Durant la première séance d’hypnothérapie, la recherche de ce lieu sûr et relaxant permet d’ouvrir un espace où le sujet se sent protégé des pensées intrusives dont il souffre. Cette utilisation élémentaire de l’hypnose est très souvent utile pour aider les personnes à se relaxer et à retrouver un sentiment de bien-être.
Dans cette optique, l’hypnose est considérée comme une thérapie plutôt palliative que curative. Elle aide la personne à se sentir mieux et à pouvoir développer ses relations interpersonnelles.
L’hypnose permet aussi au sujet de retrouver un espace psychique ludique dans lequel il peut se mouvoir.
Lorsque l’on veut aider le patient à revivre l’événement traumatique, une technique consiste à suggérer au patient particulièrement anxieux qu’il peut revivre le trauma ou se le remémorer par l’intermédiaire d’un écran de télévision où il revoit le film du traumatisme vécu. On peut même lui suggérer qu’il peut à tout moment stopper ce film en arrêtant l’image vidéo.

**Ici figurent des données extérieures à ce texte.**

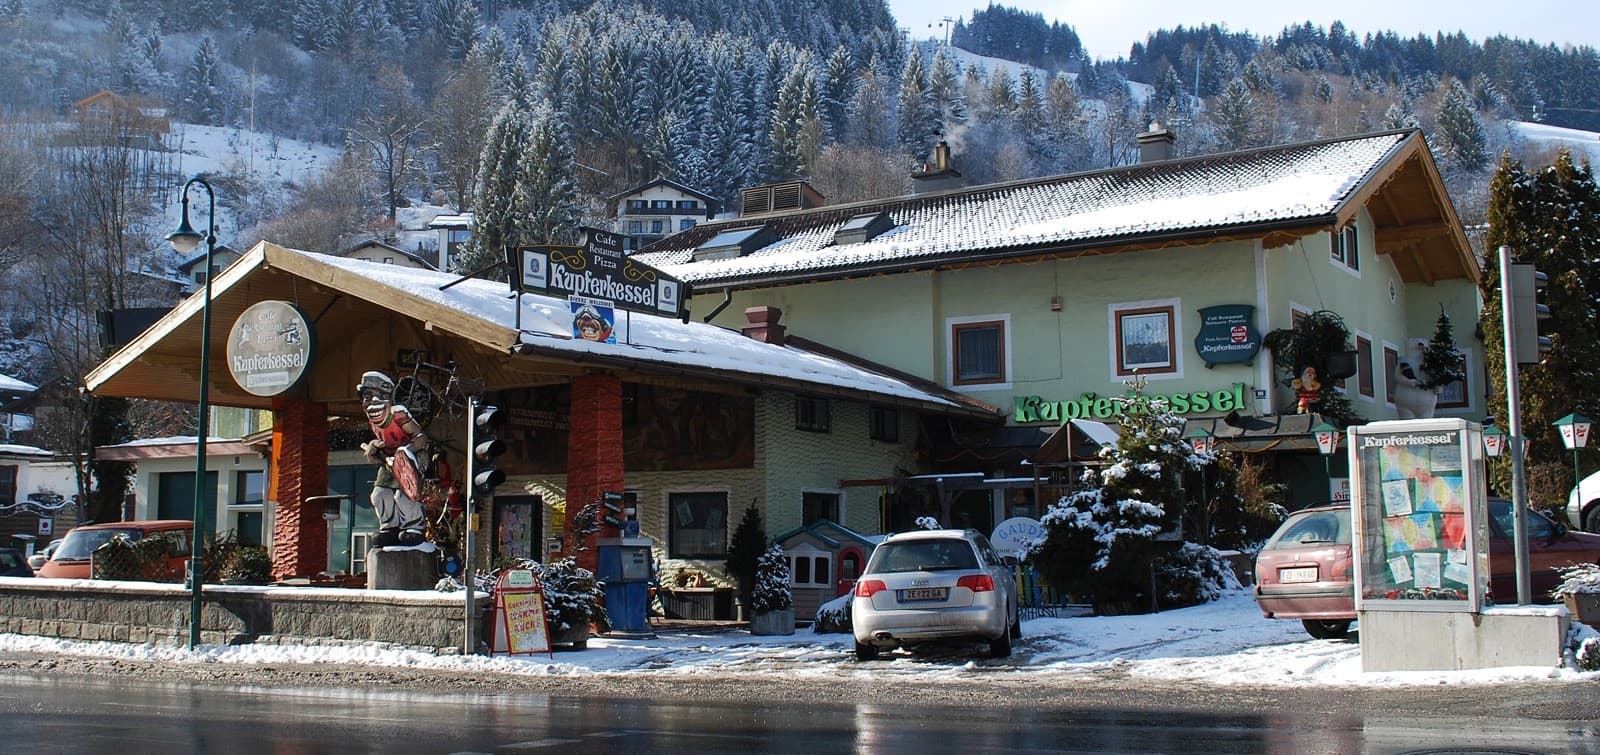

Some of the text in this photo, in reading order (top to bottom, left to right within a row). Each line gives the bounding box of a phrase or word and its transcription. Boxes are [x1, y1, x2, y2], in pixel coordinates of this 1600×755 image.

[595, 232, 617, 246] Cafe
[589, 242, 622, 259] Restaurant
[594, 255, 617, 269] Pizza
[550, 262, 656, 306] Kupferkessel
[233, 348, 304, 374] Kupferkessel
[1013, 382, 1246, 425] Kupferkessel
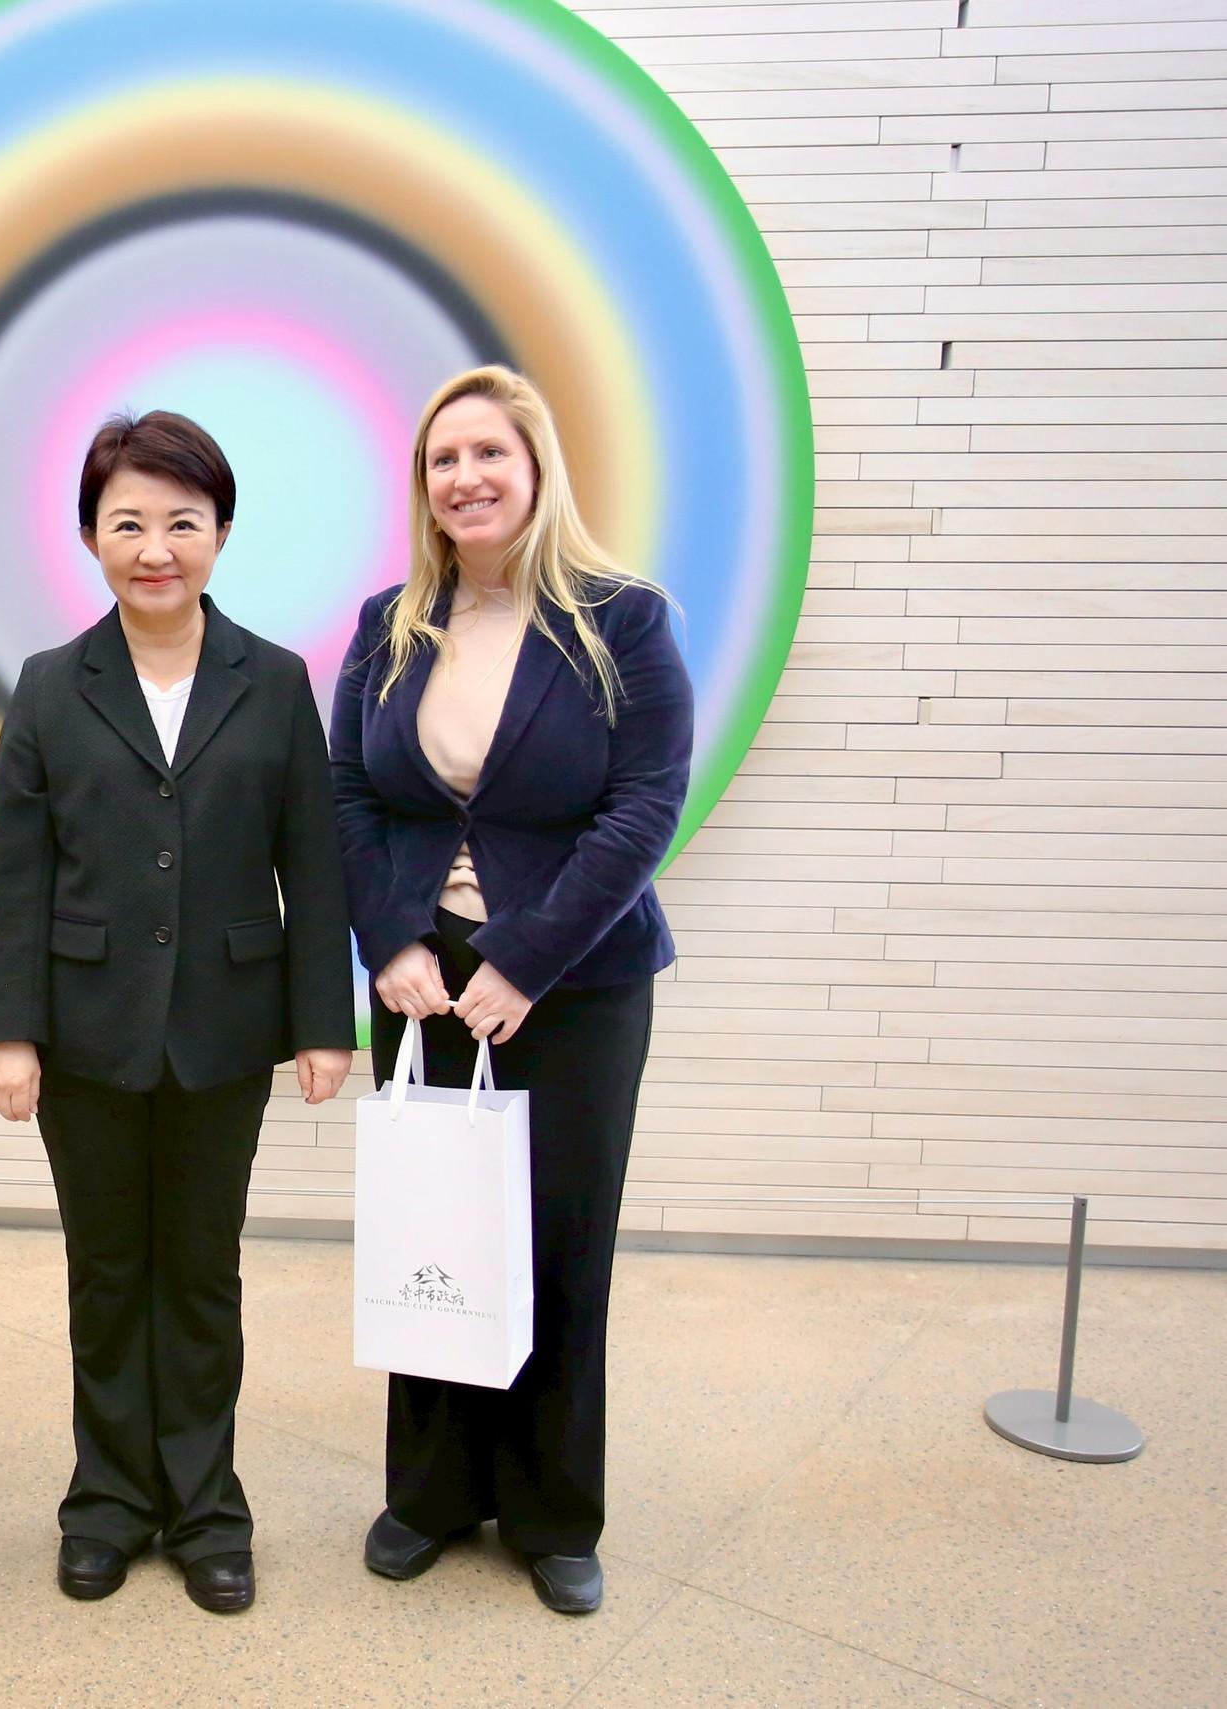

La relation thérapeutique joue un rôle essentiel dans ce type de travail. Le patient doit se sentir particulièrement en confiance pour parvenir à surmonter son anxiété. Il doit être convaincu que le thérapeute joue un rôle à la fois protecteur et bienveillant. Le thérapeute ne cherche pas à tout prix à faire revivre le traumatisme. Il aide le patient à pouvoir maîtriser le vécu traumatique d’impuissance, de terreur et d’effroi qui le hante. Cette technique permet de rassurer suffisamment le patient pour qu’il puisse revivre le trauma. Le patient n’est plus seul face à son expérience comme lors du trauma. Il doit pouvoir maîtriser les affects qui y sont liés et retrouver le contrôle de ses émotions, en particulier sur la peur, l’effroi et/ou la colère. Cette possibilité de contrôler à nouveau ses émotions redonne au patient une estime de lui-même qu’il avait perdue. La maîtrise de ses émotions entraîne la réintégration du temps du trauma au temps actuel.